Opposition to the mechanical
Stahl never agreed with the proposals and ideas of mechanical physicians, better known as iatromechanics. These doctors did not have the role of the anima, but the vital, physiological or pathological phenomenon on which they were based were mechanical principles.
For Stahl this was a mistake. The German argued that machines would never be able to respond with the speed, accuracy and naturalness with which the body itself responded to any threat or need.
In spite of everything, Stahl did not completely reject any mechanical element in the vital function, recognizing the importance of the tonic movement. This referred to a contractive and relaxing movement in parts of the body (or tissues) that played a relevant role for metabolism. Although, for Stahl, it was the anima that directed these movements.

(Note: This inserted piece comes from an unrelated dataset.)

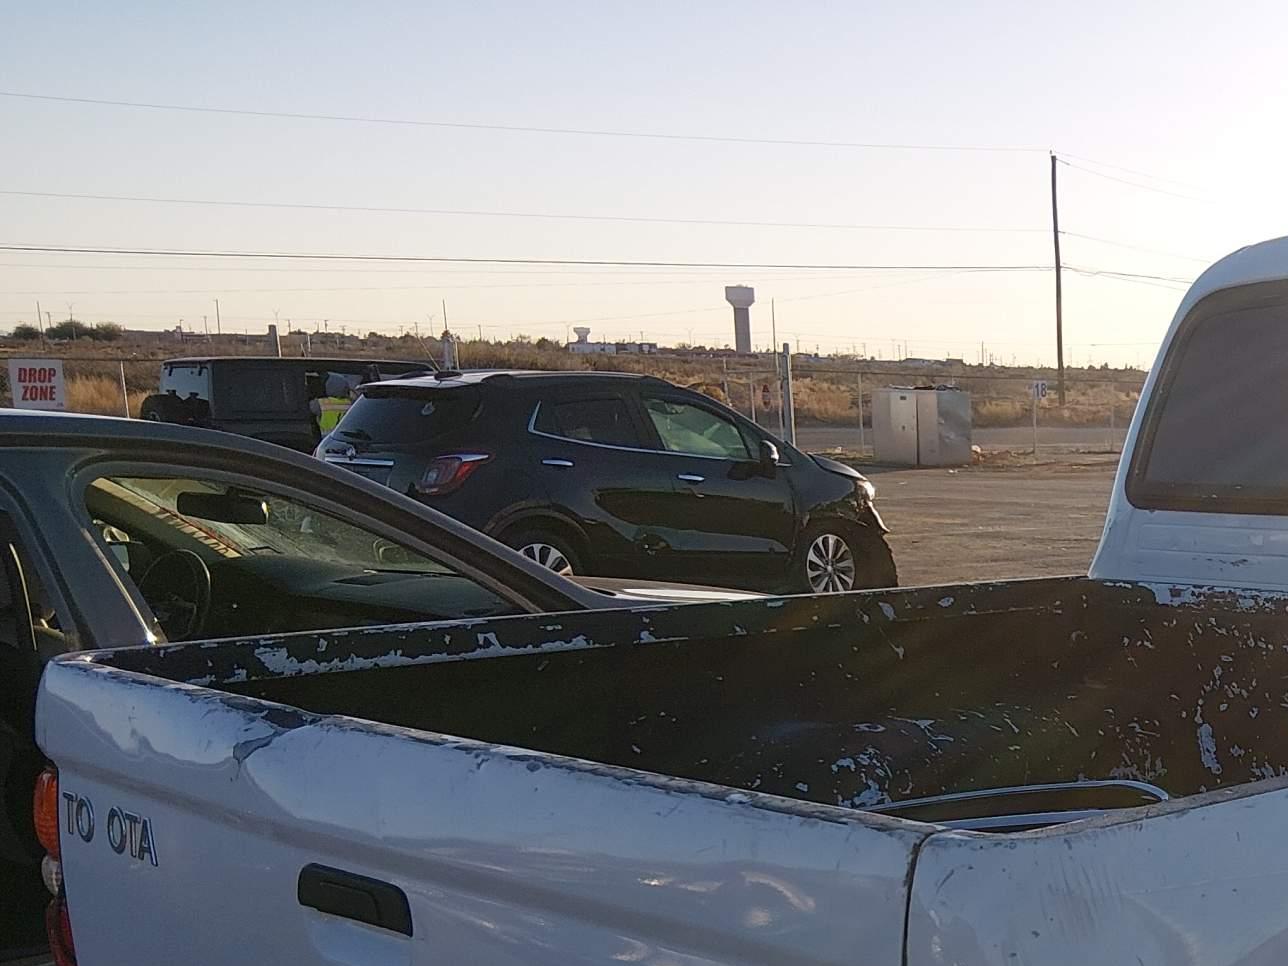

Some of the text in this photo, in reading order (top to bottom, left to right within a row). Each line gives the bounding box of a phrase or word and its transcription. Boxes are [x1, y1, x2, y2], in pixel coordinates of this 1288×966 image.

[17, 367, 57, 383] DROP
[21, 385, 56, 401] ZONE
[1034, 383, 1047, 398] 18
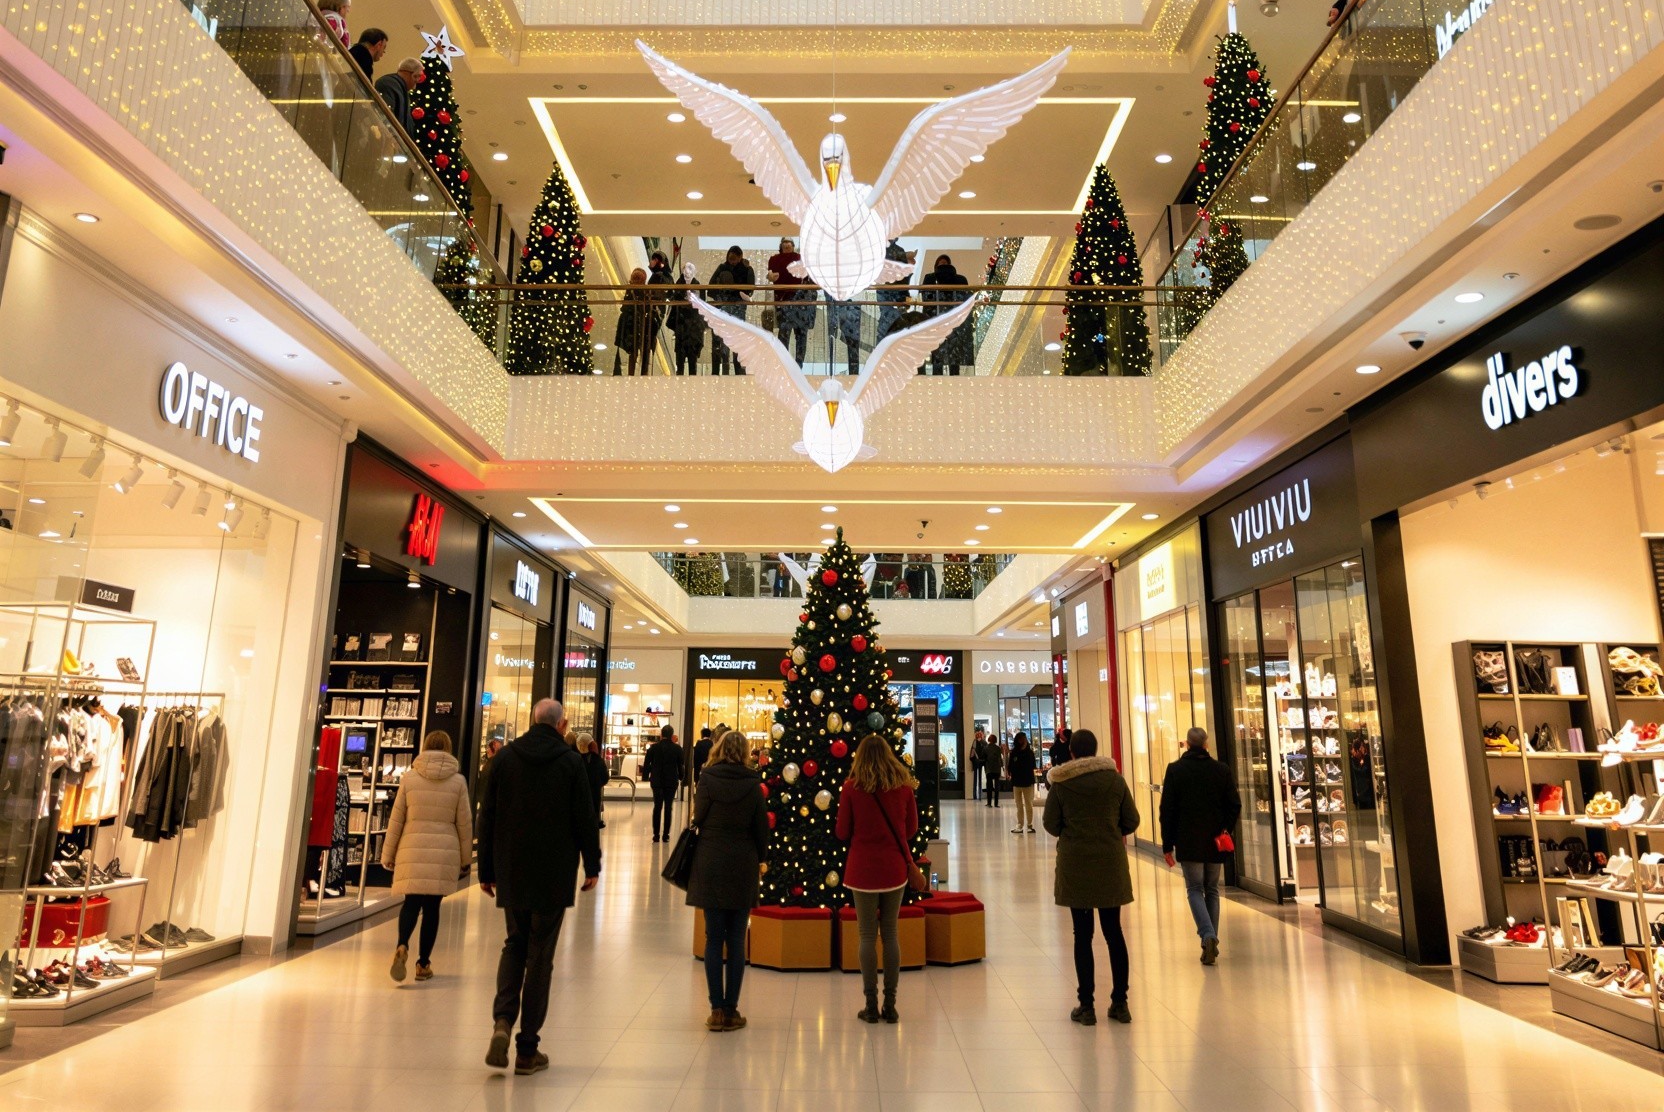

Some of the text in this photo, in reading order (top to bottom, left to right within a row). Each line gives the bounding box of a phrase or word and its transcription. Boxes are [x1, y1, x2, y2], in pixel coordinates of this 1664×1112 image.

Although with the passage of time the vitalists were discarding the ideas about the anima, some highlighted Stahl's thesis where he differentiated between living organisms and machines without lives.
Other contributions
Stahl's contributions to the scientific world could be observed thanks to the large number of experiments he carried out at the chemical level on oils, salts, acids and metals. His publications were often devoted to topics that had to do with practical chemistry.
Among other research, he dealt with topics such as brewing, the dyeing process, the production of saltpeter and the processing of minerals.
His work was also focused on defending the contribution made by science and the chemical industries to other areas, especially the benefit it generated for the economy at the national level.
Stahl was a faithful believer in the existence of the alchemical transmutation of metals when he began his career. This thought was changing with the passage of time and finally he was a skeptic of alchemy.
As a teacher he had a lot of influence on those who sought his knowledge. Some of his students had a prominent presence in German academic institutions, as well as in government positions.
His fame as a medical thinker did not reach higher peaks due to the presence of Hermann Boerhaave and Albrecht von Haller, from Leiden State University in the Netherlands and the University of Göttingen in Germany, respectively. The ideas of these doctors had a great impact in Europe and became mainstream, something that overshadowed the figure of Stahl.
The phlogiston theory proposed by Stahl was categorically accepted in Europe, but was soon displaced by the chemical revolution, which began in the 1980s, at the hands of the French chemist Antoine-Laurent Lavoisier.
Plays
Among the most relevant works carried out by Georg Stahl during his career are five publications made between 1697 and 1730.
In 1702, he published Specimen becqueriano which was a work where Stahl established a favorable position on the theory put forward by Becher in relation to combustion. It was here that Stahl captured his ideas on the phlogiston theory.
Despite its significance, his story has not been widely publicized, in fact, there are no relevant studies on Stahl's life in English. Only authors such as John Stillma and James Partington spoke about their contributions to the area of chemistry in some of their works.
References
- Chambers, R. (1856). Modern History. Edinburg: W. & R. Chambers.
- Martini, A. (2014). The renaissance of science. Florida: Abbott Communication Group.
- Porter, R. (2008). The Cambridge history of science. Cambridge: Cambridge University Press.
- Thompson, C. (2012). Alchemy and alchemists. Mineola, NY: Dover Publications.
- Zumdahl, S., & DeCoste, D. (2013). Chemical principles. California: Brooks / Cole.